His first book was a typographic whimsy called Lunarglyphics (1981), but by 1986 Torosian has arrived at a very refined sense of what a Lumiere Press book should be, both physically and editorially. Since 1986, the Homage series books have all measured a standard 6 x 9 inches. They all feature at least one handmade, “tipped-in” photo print (a painstaking process in which the photograph is glued to the surface of the page). While most of the other Lumiere Press books vary somewhat in size and general style, the Homage series is unique in its uniform typographic detailing, the choice of materials for the bindings and the selection of papers to carry the text. Lumiere Press books are printed in limited editions (usually 150 copies) that sell for $75 to $175 each. Obviously, Torosian is doing something right – nearly every book so far has been a sellout.
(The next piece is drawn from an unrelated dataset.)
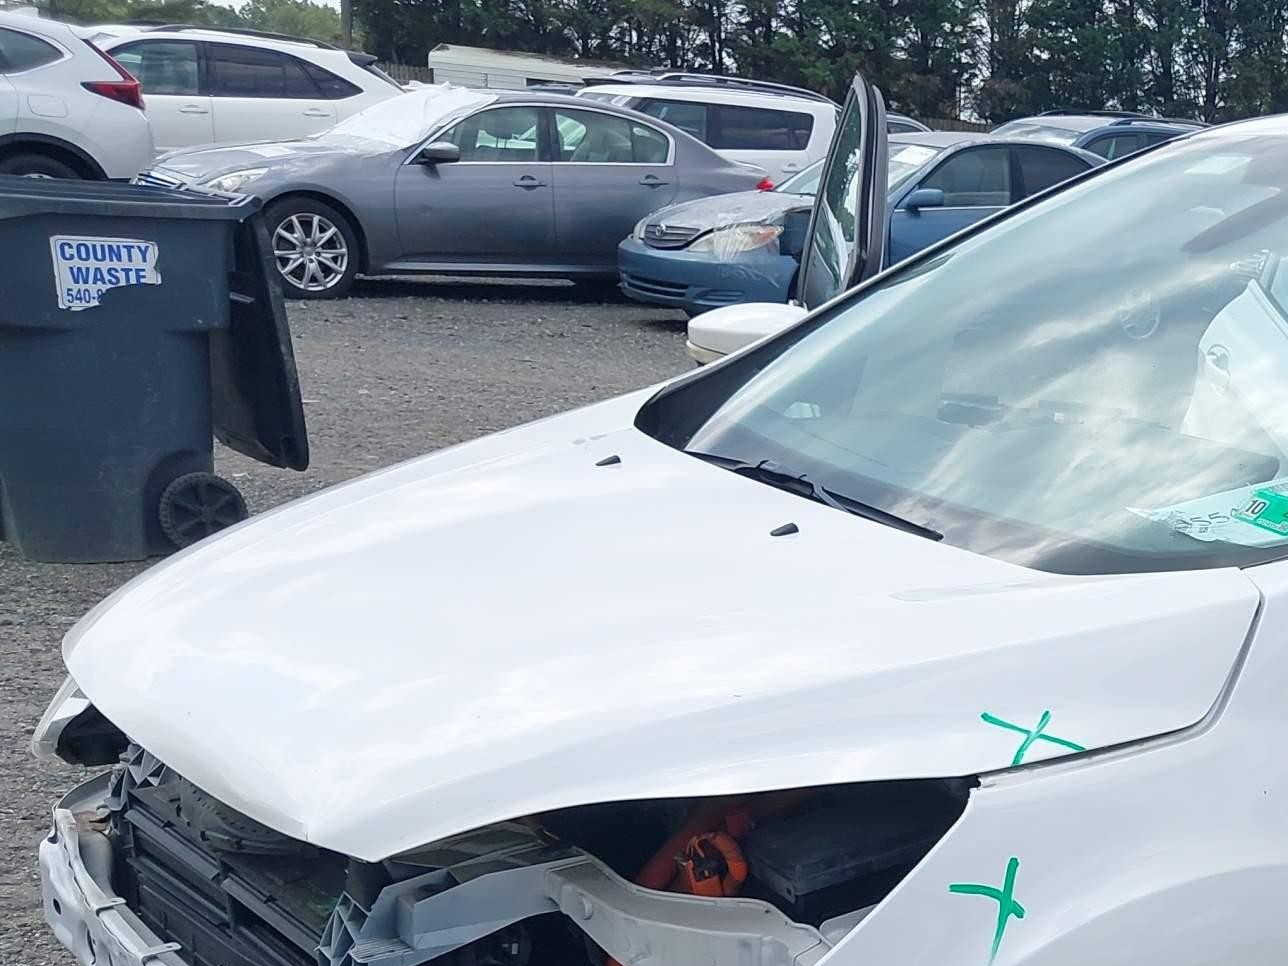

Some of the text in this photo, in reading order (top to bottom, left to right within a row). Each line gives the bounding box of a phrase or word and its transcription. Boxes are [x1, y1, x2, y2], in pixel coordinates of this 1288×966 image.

[59, 242, 150, 263] COUNTY
[68, 266, 147, 286] WASTE
[1245, 499, 1267, 515] 10
Editorially the books present new, unusual and unpublished literary, graphic and photographic material. Lumiere has issued three volumes that form part of an ongoing series of homages to photographers whom Torosian regards as important. To date, dues have been paid to Edward Weston (Dedicated to Simplicity, 1986); Michel Lambeth (Confessions of a Tree Taster, 1987); David Heath (Extempore, 1988); and Aaron Siskind (The Siskind Variations, due out in December). The Ninth Street Show, published in 1987, was a celebration of the legendary New York art dealer Leo Castelli’s 80th birthday and 30th year in business, and two books, Aurora (1987) and Toronto Suite, are presentation of Torosian’s own work. This summer, Lumiere Press brought out its first book of full-colour reproductions, Nostalgia For An Unknown Land, consisting of 12 four-colour plates by Rafael Goldchain and an essay by Torosian.

A society that is seriously seeking to develop a rich, resonant culture must engage in a certain amount of cultural show and tell. By the same token, a photographer is never better employed than when setting out to show us people he or she perceives to be in some way specially significant. Michael Torosian has done just that, both in his own work and in his attention to the work of others.